Эта мысль не только угнетала его, она была ему приятна. Слаб человек! Тщеславие забивает в нем все прочие чувства. Всесильный губернатор, наместник царя (почти наместник Бога) на всем русском юге – вынужден считаться с существованием в своей жизни – и жизни собственной жены – кого? Чиновника 10 класса из собственной канцелярии!.. – Такое могло привести и не только Александра в состояние какой-то возбужденной гордости. Но страх – что он больше не увидит ее…
– Он ревнует, это точно!.. Александр прилаживался к этой мысли. Он ласкал ее и страдал. – Если б только не надо было уезжать!..
Елизавета Ксаверьевна – жена Воронцова уехала – с месяц назад погостить к матери, в Белую Церковь. Она была урожденная графиня Браницкая – и род ее шел от тамошних гетманов – Белая Церковь была их семейным гнездом… Александр мог подумать. что этот отъезд – показавшийся ему, впрочем, еще тогда поспешным, загадочным – как-то связан с его неприятностями.
Может, он догадался, что она меня любит?.. Любит! – Поворот, который за ставил его улыбнуться! Воронцов все понял.
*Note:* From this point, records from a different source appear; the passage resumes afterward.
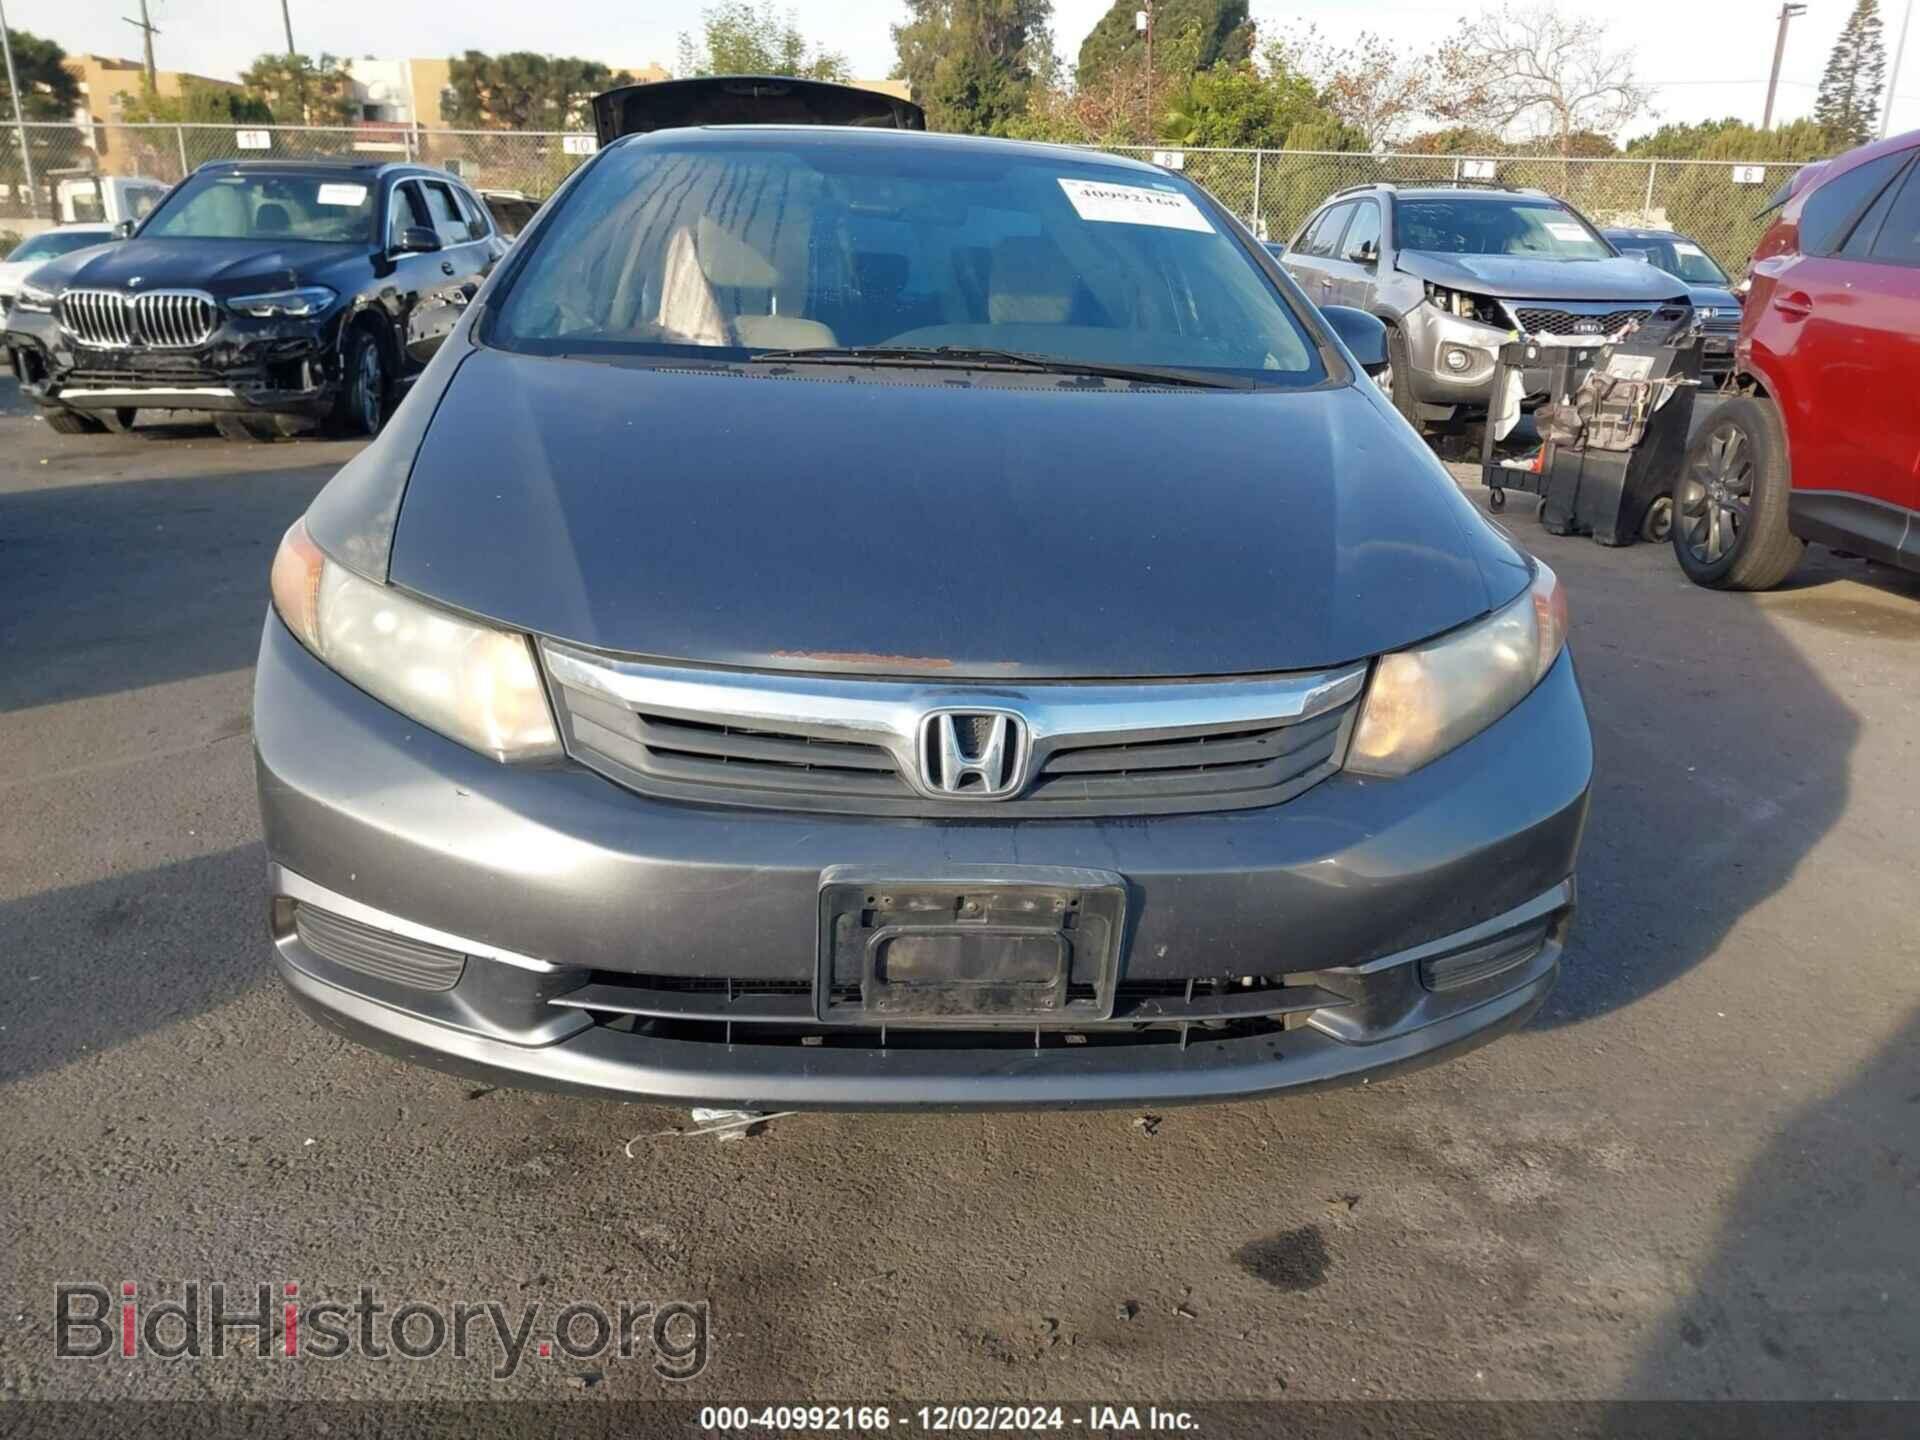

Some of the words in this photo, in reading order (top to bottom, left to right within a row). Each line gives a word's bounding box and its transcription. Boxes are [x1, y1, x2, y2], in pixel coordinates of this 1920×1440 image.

[245, 132, 258, 146] 11
[571, 139, 590, 152] 10
[1163, 153, 1173, 168] 8
[1474, 161, 1485, 176] 7
[1743, 167, 1753, 181] 6
Я любим!.. Любим! Он боится, чтоб ему не наставили рога! Он – рогоносец! «И рогоносец величавый – Всегда довольный сам собой…» Грусть и бешенство вдруг сменились улыбкой. Ненадолго, конечно. Он меня высылает, высылает!.. Этот известный всей России либерал состряпал на меня донос!.. Сделал все, чтоб избавиться… И от кого? От любовника собственной жены!.. – Он увлекался, разумеется! Он не был пока любовником Воронцовой, и мало что предвещало, что станет им. Был просто молодой человек, который почитал себя выше – и даже наместника юга – потому что был моложе, и это как бы давало ему право… Подлость Воронцова была в этом случае в некотором смысле приятна ему: как бы избавляла от нравственных обязательств. Хотя, скажем прямо – он был в том возрасте, когда эти обязательства на нас мало влияют. Бешенство – и улыбка. Улыбка и бешенство… Вместе с обидой его грела мысль, что симпатии графини к нему, в какой-то мере, решили его судьбу… «Старый муж, грозный муж – режь меня, жги меня!..»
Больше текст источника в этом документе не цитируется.